Smombiserung

Was ist eigentlich aus „einfach mal aus dem Festern gucken“ oder noch gewagter „mal mit jemanden reden“ geworden? Seit ich mehr Bus fahre, fällt es mir doch sehr auf, dass nahezu jeder sein Handy in der Hand hat. Es wird gezockt, gewhats’appt, gesnapptchat, dass es eine Art hat. Einfach mal aus dem Fenster guckt kaum jemand. An Bushaltestellen, dasselbe Bild. Sowie jemand 1 Minute irgendwo warten muss, wird das Gerät aus der Tasche gezogen und draufgestarrt. Besonders fein finde ich die Typen, die sich zusätzlich noch so eine Autistenklammer aufsetzen, um ja nicht zu viel von der analogen Welt mitzubekommen. Neulich im Botanischen Garten, kam mir so einer entgegen, Kopfhörer auf, Blick fest aufs Handdisplay gerichtet und juchee durch die verschneite Welt.
Versteht mich richtig, ich habe nichts gegen Smartphones. Im Gegenteil, ich mag mein Fairphone sehr. Finde es fein Uhr, Kalender, Fahrplan, Kamera und Messenger in einem Gerät zu haben. Sogar telefonieren kann man mit dem Teil. Aber es ist ein Werkzeug. Ich muss mich nicht permanent aus der analogen Welt ausklinken.
Was ich bei Erwachsenen schon schlimm finde, geht mir bei Kindern massiv gegen den Strich. Ich wohne in der Nähe von Schulen. Wenn ich im Park spazierengehe und Schulschluss ist, kommen mir da so Horden von Mini-Smombis entgegen, die auf ein Gerät starren. Mir ist nicht klar, warum die lieben Kleinen überhaupt ein Smartphone in der Schule haben sollten. Manchmal denke ich, dass so ein Handyverbot für unter 16-jährige, vielleicht nicht verkehrt wäre. Andererseits helfen Verbote ja doch nicht. Medienkompetenz lernen, wäre sicher der bessere Weg. Das wäre auch gut für so einige Eltern, denn oft genug sieht man ja solche, die ihren Kleinkindern mal eben das Gerät in den Patschehändchen drücken oder ihrerseits, während des Lüftens des Kindes, permanent auf das Teil starren.
Erziehung nützt nichts, die Kinder machen einem ja doch nur alles nach! Wusste schon Karl Valentin.
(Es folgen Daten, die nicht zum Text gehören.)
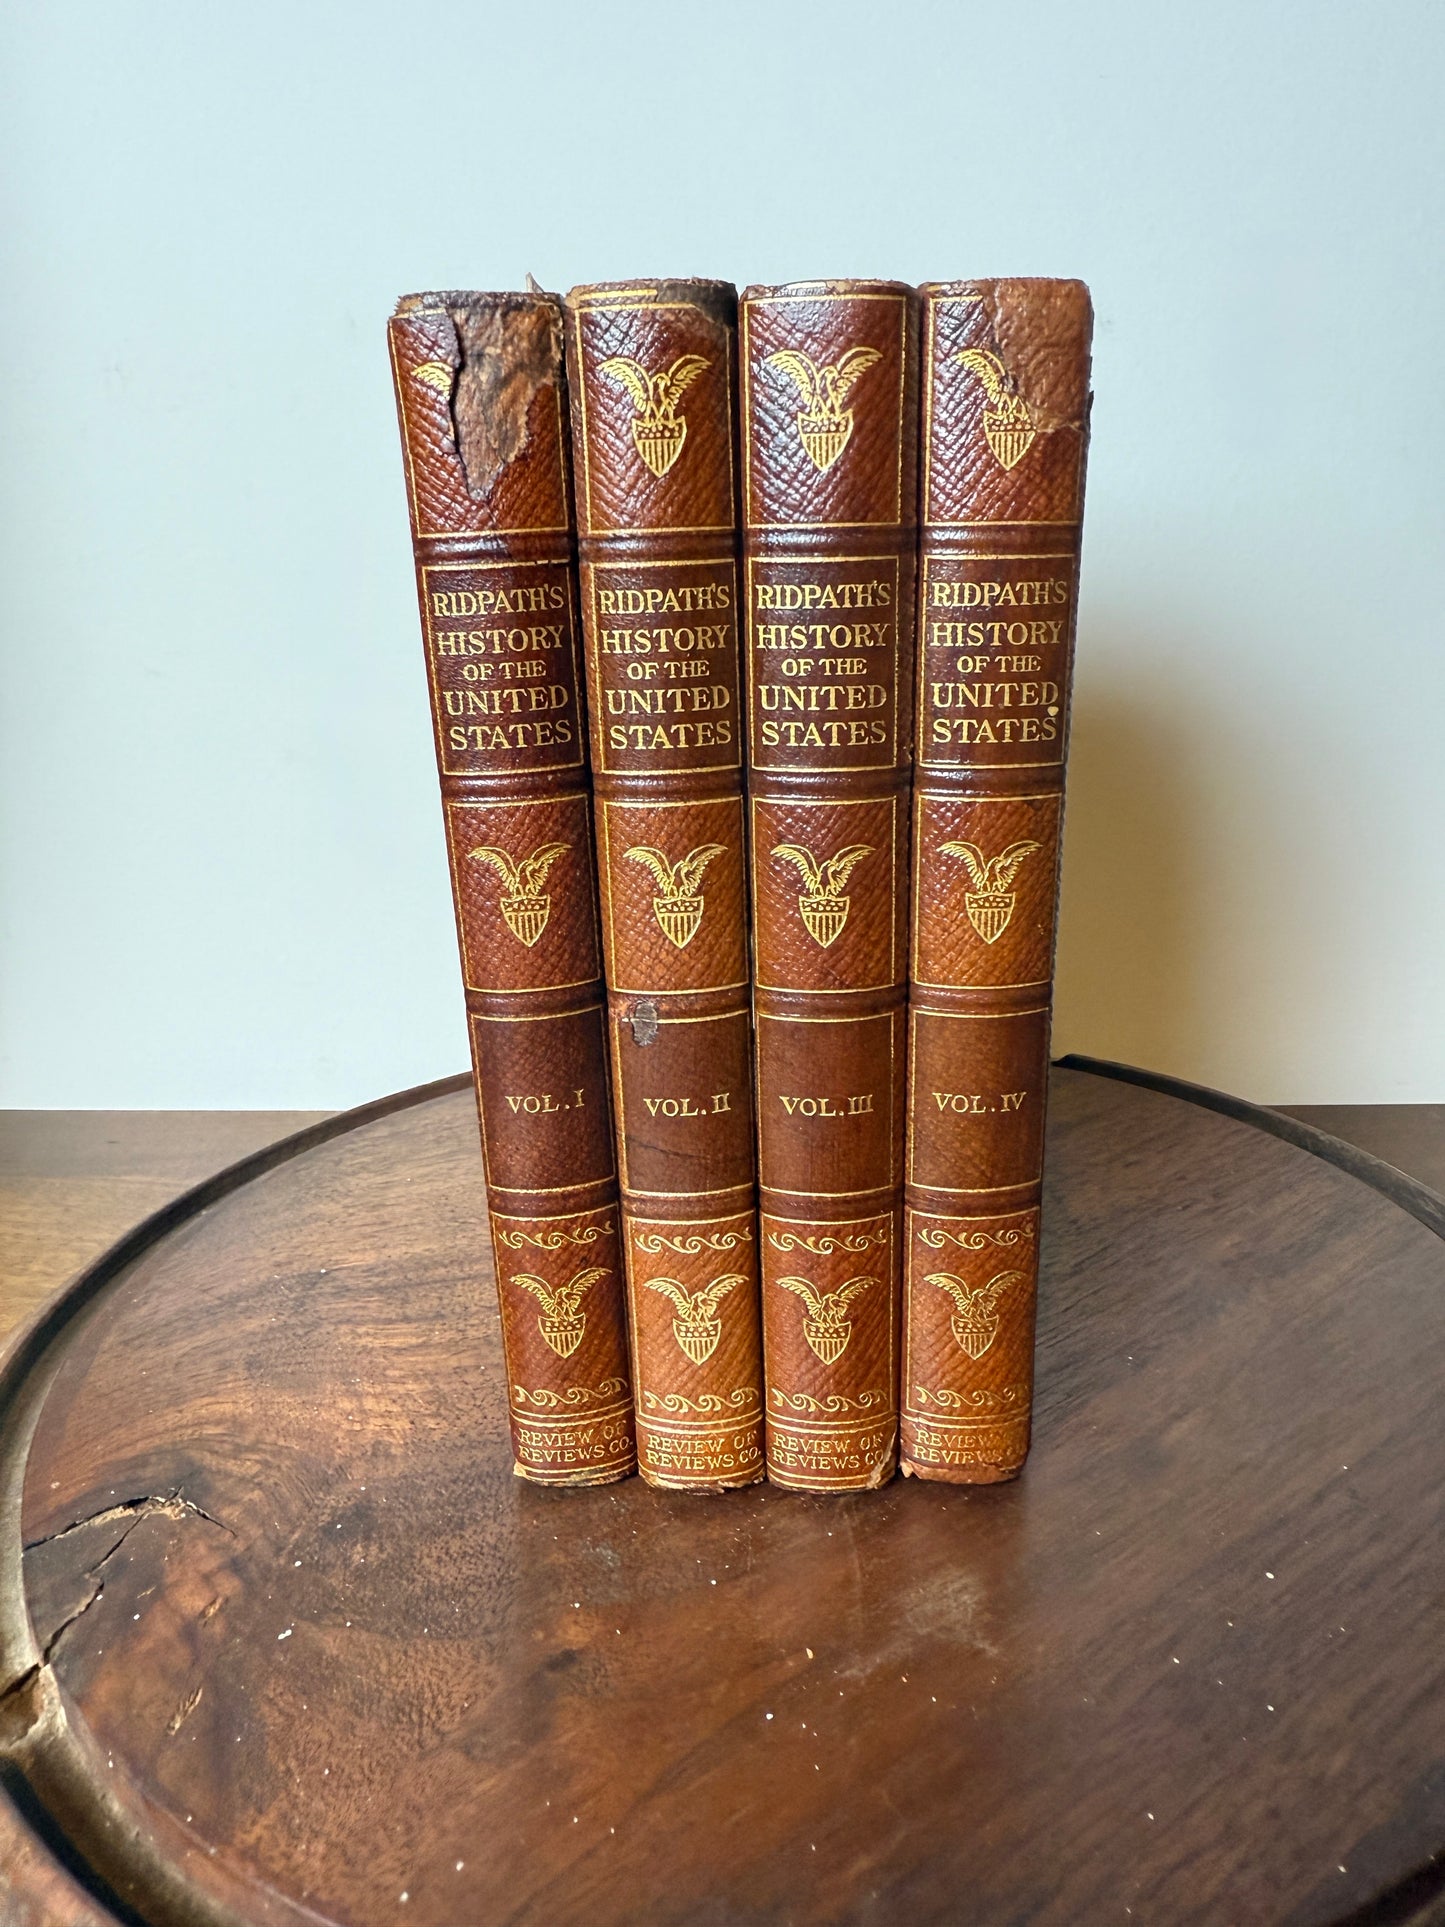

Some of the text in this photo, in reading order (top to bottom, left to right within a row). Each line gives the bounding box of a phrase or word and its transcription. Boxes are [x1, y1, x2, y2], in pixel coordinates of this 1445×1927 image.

[432, 583, 564, 617] RIDPATH'S
[598, 582, 730, 615] RIDPATH'S
[755, 580, 891, 610] RIDPATH'S
[931, 578, 1068, 607] RIDPATH'S
[437, 625, 565, 656] HISTORY
[600, 624, 731, 654] HISTORY
[756, 623, 891, 650] HISTORY
[929, 620, 1064, 648] HISTORY
[463, 660, 547, 681] OF THE
[626, 660, 710, 680] OF THE
[781, 657, 868, 676] OF THE
[956, 654, 1042, 673] OF THE
[443, 685, 569, 716] UNITED
[605, 685, 731, 715] UNITED
[758, 684, 887, 711] UNITED
[930, 681, 1059, 708] UNITED
[449, 720, 572, 750] STATES
[609, 720, 732, 750] STATES
[761, 720, 888, 747] STATES
[932, 715, 1058, 743] STATES
[505, 1088, 585, 1114] VOL. I
[643, 1092, 732, 1117] VOL. II
[779, 1094, 875, 1117] VOL. III
[932, 1091, 1028, 1114] VOL. IV
[518, 1427, 594, 1448] REVIEW
[647, 1433, 724, 1453] REVIEW
[773, 1432, 851, 1454] REVIEW
[518, 1444, 606, 1463] REVIEWS
[645, 1449, 735, 1470] REVIEWS
[771, 1447, 860, 1470] REVIEWS
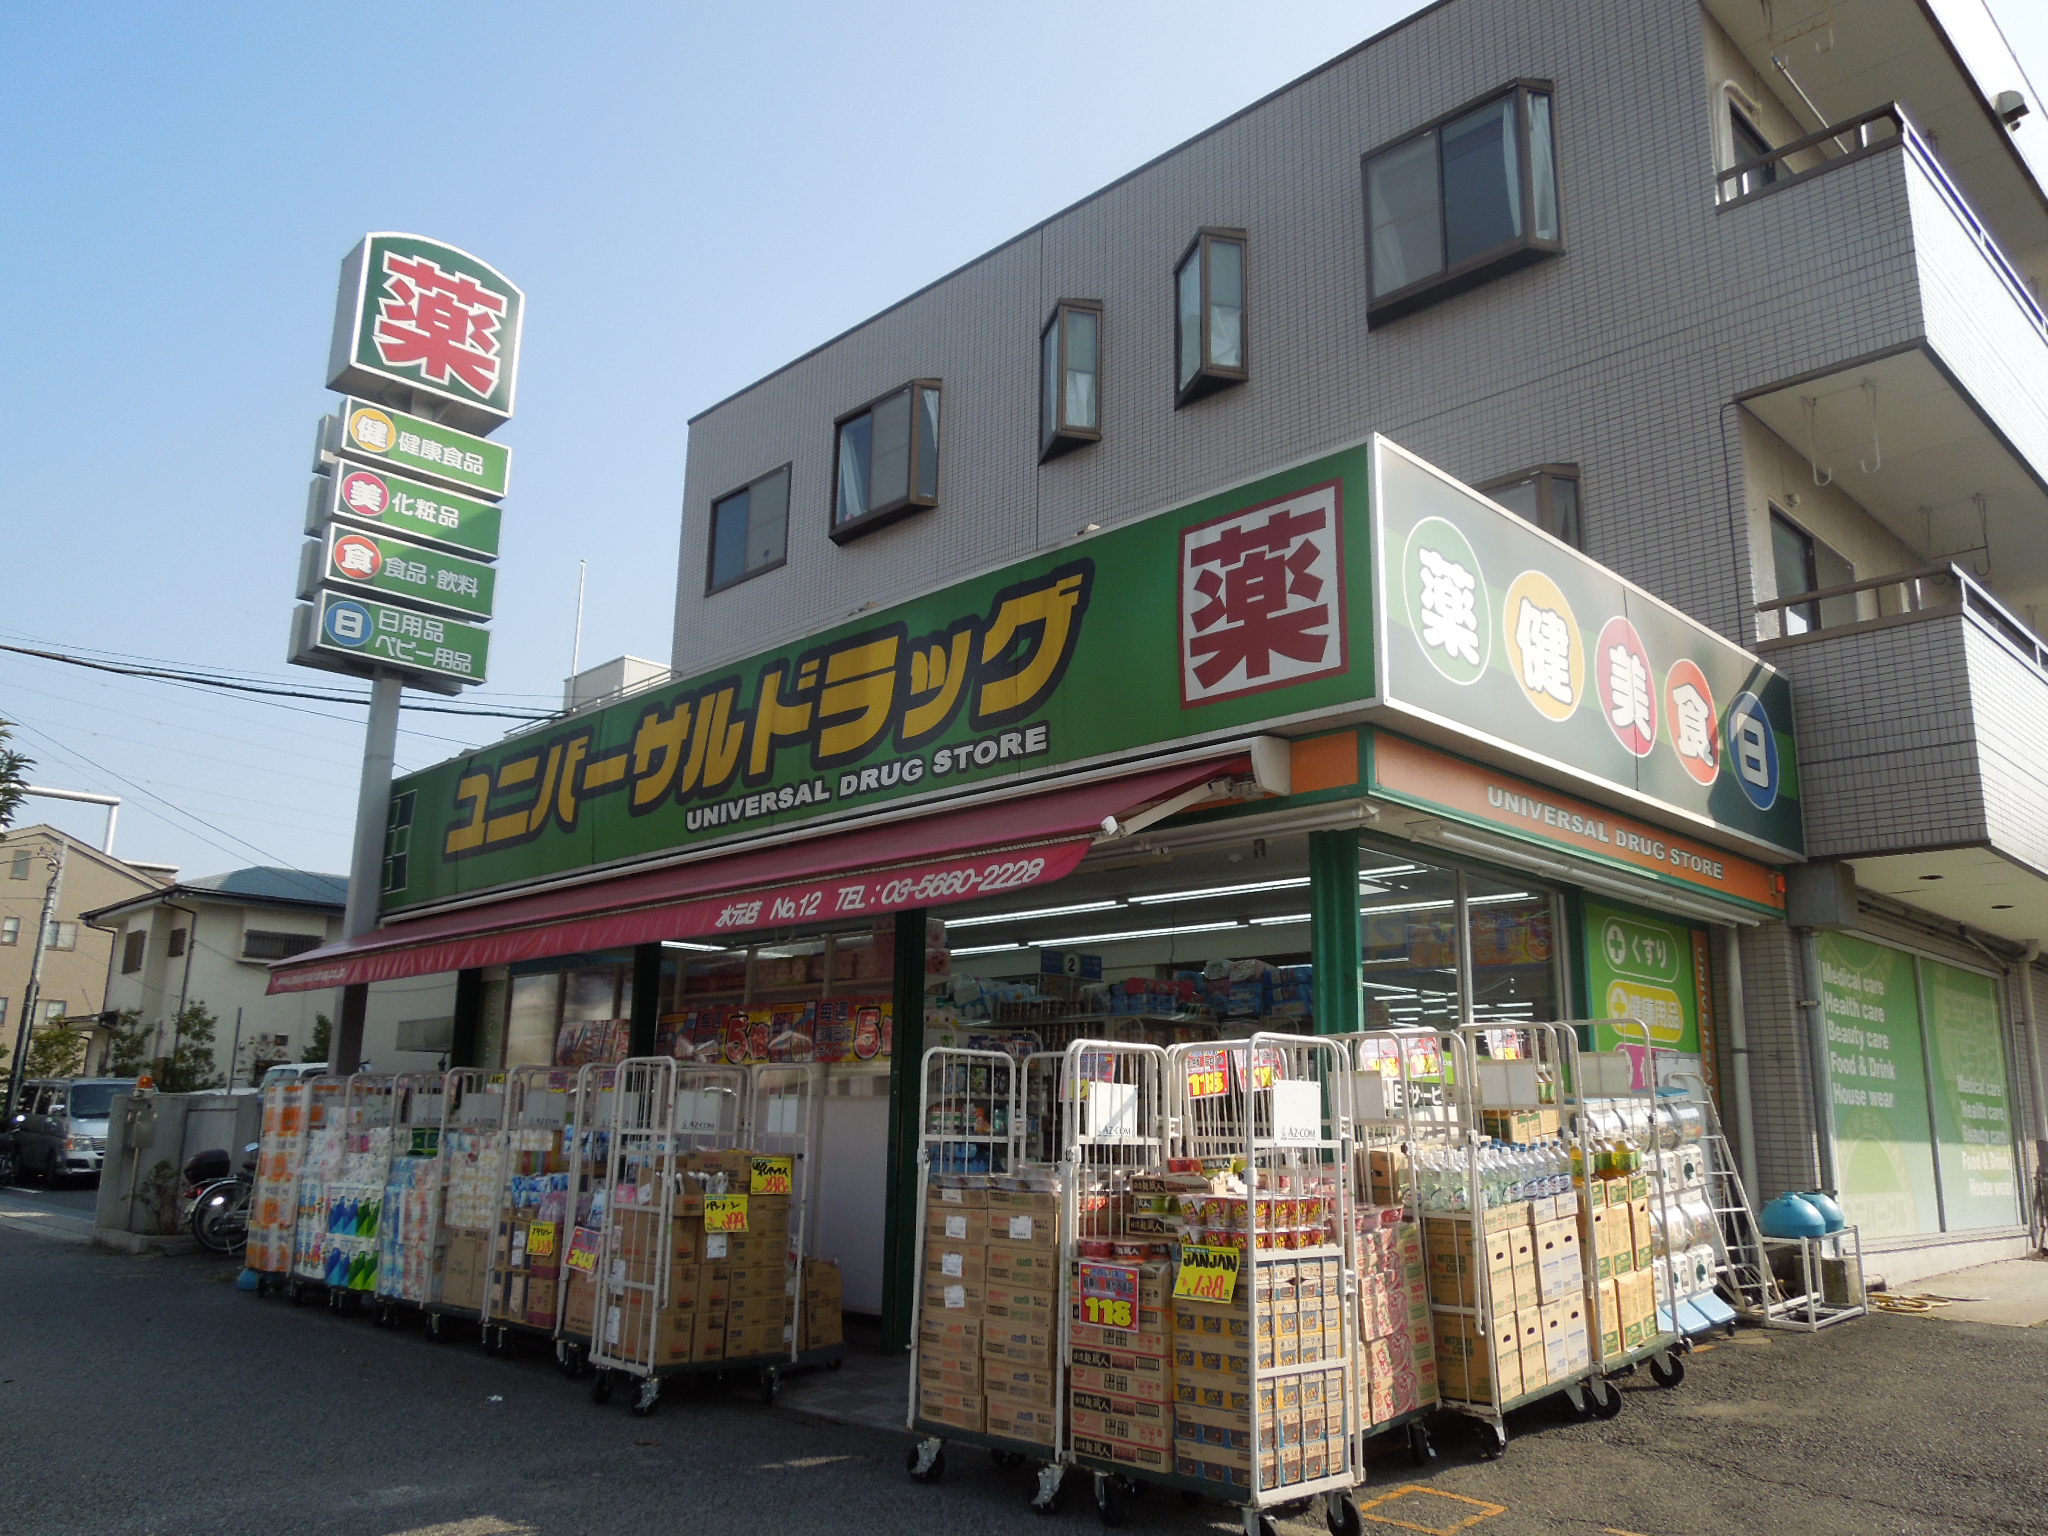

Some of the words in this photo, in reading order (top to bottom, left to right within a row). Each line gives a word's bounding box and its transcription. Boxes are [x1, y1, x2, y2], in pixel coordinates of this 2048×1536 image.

[373, 251, 507, 398] 薬
[356, 415, 389, 449] 健
[398, 431, 484, 475] 健康食品
[350, 480, 382, 512] 美
[392, 492, 459, 529] 化粧品
[341, 543, 375, 574] 食
[1190, 507, 1330, 690] 薬
[334, 609, 364, 639] 日
[378, 609, 444, 643] 日用品
[375, 635, 472, 673] ベビー用品
[1418, 547, 1482, 667] 薬
[1515, 599, 1575, 707] 健
[1607, 644, 1652, 742] 美
[1672, 683, 1714, 768] 食
[1735, 711, 1769, 788] 日
[446, 574, 1084, 855] ユニバーサルドラッグ
[686, 779, 830, 830] UNIVERSAL
[839, 758, 923, 797] DRUG
[932, 725, 1047, 774] STORE
[1487, 785, 1610, 843] UNIVERSAL
[1615, 829, 1666, 860] DRUG
[1670, 848, 1724, 880] STORE
[715, 901, 763, 927] 水元店
[770, 891, 822, 921] No.12
[1068, 958, 1076, 972] 2
[1632, 935, 1667, 968] くすり
[1822, 962, 1862, 991] Medical
[1863, 977, 1885, 995] care
[1824, 991, 1861, 1017] Health
[1862, 1004, 1885, 1022] care
[1827, 1020, 1864, 1050] Beauty
[1866, 1031, 1890, 1050] care
[1830, 1051, 1857, 1075] Food
[1858, 1056, 1867, 1076] &
[1869, 1057, 1896, 1080] Drink
[1832, 1082, 1867, 1106] House
[1868, 1091, 1894, 1108] wear
[1103, 1125, 1131, 1136] AZ-COM
[1287, 1127, 1316, 1138] AZ-COM
[1183, 1252, 1238, 1272] JANJAN
[1084, 1297, 1132, 1327] 118
Manchmal, nicht sehr oft, aber immer mal wieder so dann und wann, gibt es einen Strahl der Hoffnung. Dann sitzt eine und strickt fröhlich während der Busfahrt. Neulich strickte sogar eine im Stehen. Die Frau, hatte meine ganze Bewunderung.



2 Kommentare
Melusine
Respekt für „die strickende Frau im Stehen“…….. Hab‘ ich auch noch nicht gesehen.
LG Rosi
Karin Braun
Vollen, sie hat sogar ein Ajour- Muster gestrickt, nicht nur gerade rechts.